Amanieu avatar May 15 '24 16:05 Amanieu

Perhaps we (I?) could do a quick survey to see whether this is a used feature.

tbu- avatar May 15 '24 16:05 tbu-

One concern we had was that making this function panic would allow arbitrary user input to cause a program to panic. This can be a problem e.g. in a network service, especially if there is code to validate the path after it has been formed with set_filename.

Amanieu avatar May 15 '24 18:05 Amanieu

One concern we had was that making this function panic would allow arbitrary user input to cause a program to panic. This can be a problem e.g. in a network service,

I think a network service will likely contain panics to the connection level anyway, otherwise it'll likely be vulnerable to DoS.

tbu- avatar May 15 '24 19:05 tbu-

Based on the comments when initiating the FCP on the other function, here: https://github.com/rust-lang/rust/pull/125070#issuecomment-2112985376

Though if we were confident that were not the case we'd love to do that too.

And the fact that, well, I think @tbu- has a good point, here, basically...

If @rust-lang/libs-api is willing, then I believe we should document the non-sanitizing behavior with an explicit note that set_file_name may panic in the future if you use it with something that is not, well, a file name.

Other ideas that aren't necessarily critical to address in this PR: We should also suggest a pattern that clearly denotes the "yes, I know I am joining arbitrary paths together, possibly with 'hilarious' results". We might suggest, for instance, path_buf.extend(path) or path.join(other_path) for "yes, I am clearly adding a multi-part path" cases.
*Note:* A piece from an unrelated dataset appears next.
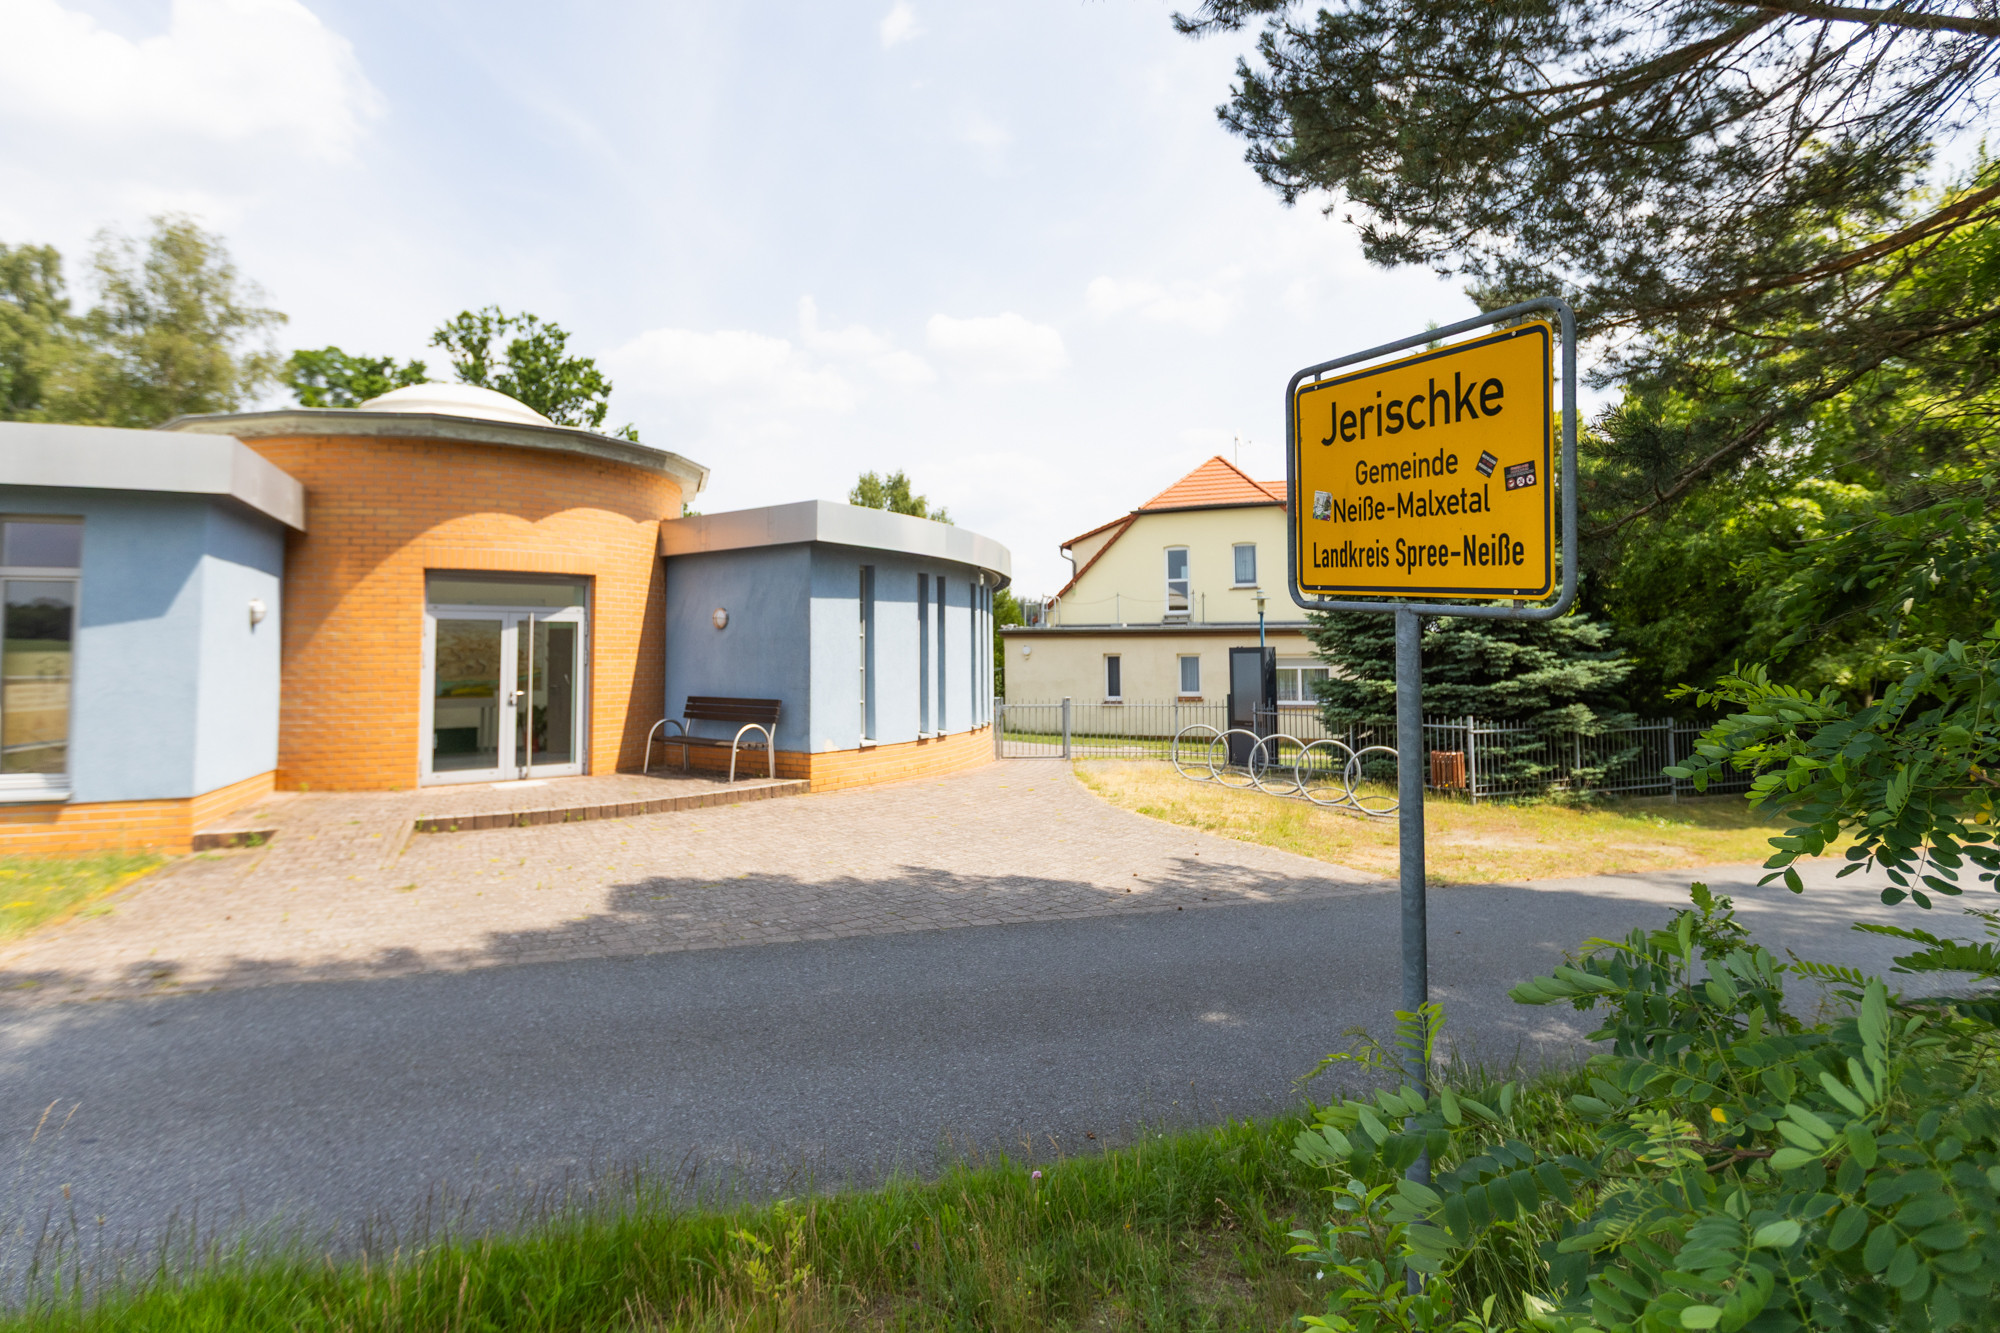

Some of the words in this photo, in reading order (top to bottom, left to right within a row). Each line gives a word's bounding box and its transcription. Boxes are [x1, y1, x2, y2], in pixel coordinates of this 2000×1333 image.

I believe this is the sort of commentary in the documentation that will eventually provoke feedback and inform whether we should zig... er, not the programming language... or zag.

@ChrisJefferson What do you think?

workingjubilee avatar May 15 '24 20:05 workingjubilee

@workingjubilee I think that's a good idea. It might also be worth adding fallible variants of these routines. I imagine in some cases, the inputs to these routines will come directly from end users. And in those cases, using a fallible routine is probably what you want.

BurntSushi avatar May 16 '24 12:05 BurntSushi

Neat.

Also @ChrisJefferson I realize that feedback is slightly open-ended so all it really needs is the note about "set_file_name may panic in the future", if you wanna punt on the rest of it feel free to open an issue and I'll look at getting that sorted Eventually™.